Usados como verdadeiras plataformas informais de compra, troca e venda, esses espaços têm de tudo um pouco e um pouco de tudo. A reportagem ficou meses nos grupos, que recebem centenas de publicações por dia, e conseguiu descobrir um pouco como funciona o comércio informal da organização. Os números e nomes dos usuários foram censurados por segurança.
As dinâmicas e ordens do comércio informal
Em um dia, aproximadamente 22% das ofertas de venda do maior grupo deles, que tem mais de 400 usuários, eram relacionadas a celulares, 20% a armas e munições e 18% a drogas como maconha e cocaína pura (conhecida como escama de peixe). Vendas ou pedidos de carros e motos chegam a 18% dos anúncios. Há também anúncios de ar-condicionado, Cytotec (que é usado para induzir aborto) e Ozempic. Junto a tudo isso, a venda de filhotes de macaco. A ação configura crime ambiental, como estipulado no artigo 29 da Lei de Crimes Ambientais. Tudo é ofertado ao mesmo tempo, de forma caótica.
Nos grupos, há até venda de filhotes de macaco-prego, o que configura crime ambiental
O objetivo inicial do grupo Monopólio RJ Venda de Tudo, segundo usuários que se apresentam como lideranças, era de que pessoas envolvidas pudessem fazer suas negociações em paz, num ambiente seguro e monitorado. Todavia o grupo se expandiu e hoje as negociações incluem tentativas de golpe, ofertas de produtos que não existem e pedidos de dinheiro.
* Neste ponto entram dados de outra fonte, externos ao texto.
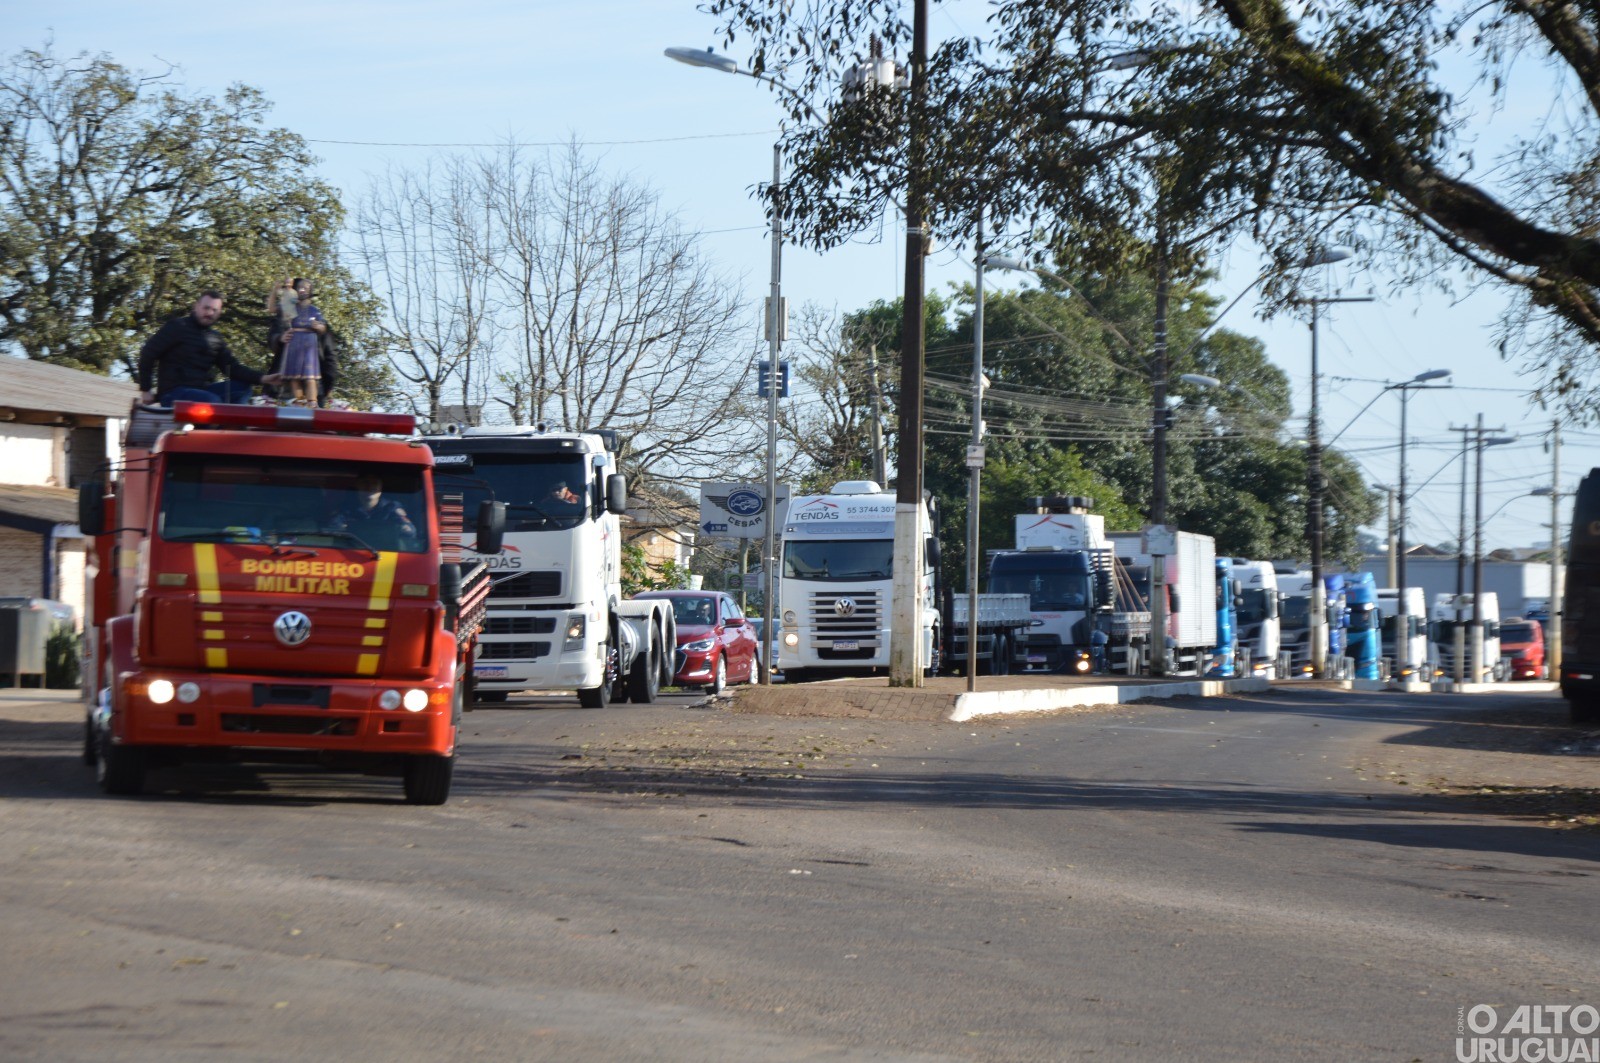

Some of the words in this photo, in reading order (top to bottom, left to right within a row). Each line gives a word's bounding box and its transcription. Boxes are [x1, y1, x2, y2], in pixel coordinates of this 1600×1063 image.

[881, 505, 896, 513] 307
[795, 511, 839, 520] TENDAS
[727, 516, 763, 528] CESAR
[241, 559, 365, 578] BOMBEIRO
[255, 576, 351, 595] MILITAR
Cecília Oliveira, jornalista e diretora-executiva do Instituto Fogo Cruzado, comenta que esse tipo de grupo de WhatsApp é mais usado por membros de facções criminosas que ocupam posições menores na hierarquia. “Este é o jeito mais rápido e prático de se comunicar e mesmo havendo outras possibilidades, como o radinho, o zap tem outro alcance e possibilidade de comunicação. Porém, quanto maior a posição na hierarquia, maior o cuidado e menor o acesso, inclusive para membros do grupo.”
Em uma troca de áudios, algumas pessoas que se posicionam como sendo mais experientes dentro do Comando Vermelho apontam que o grupo está muito maior do que deveria, e que deve ter ali ‘alemão’ (gíria para designar pessoas de facções inimigas), policiais e todo tipo de infiltrado e que, portanto, era necessário manter um comportamento mais precavido e realizar as transações econômicas apenas pessoalmente e no “quadrado”.
O “quadrado”, segundo a reportagem apurou, é um tipo de zona franca do tráfico que existe em quase toda favela de maior porte. Nesse local, traficantes da facção ou aliados de diferentes favelas se encontram para negociar drogas, armas e carros sem medo de sofrerem emboscadas ou invasões policiais. Penha, Alemão, Jacarezinho, Salgueiro (São Gonçalo), todas essas favelas tem seu “quadrado”, que normalmente é localizado em alguma quadra esportiva no miolo da comunidade, onde ninguém entra ou sai de supetão e onde qualquer tentativa de passar a perna numa transação pode ser resolvida na hora mesmo, na base da bala.
“O que garante, na verdade, a segurança para essas transações é o fato delas ocorrerem dentro do território deles”, aponta Carolina Grillo, pesquisadora do Grupo de Estudos de Novos Ilegalismos da UFF (GENI). Ela vê o WhatsApp como um facilitador dessas transações.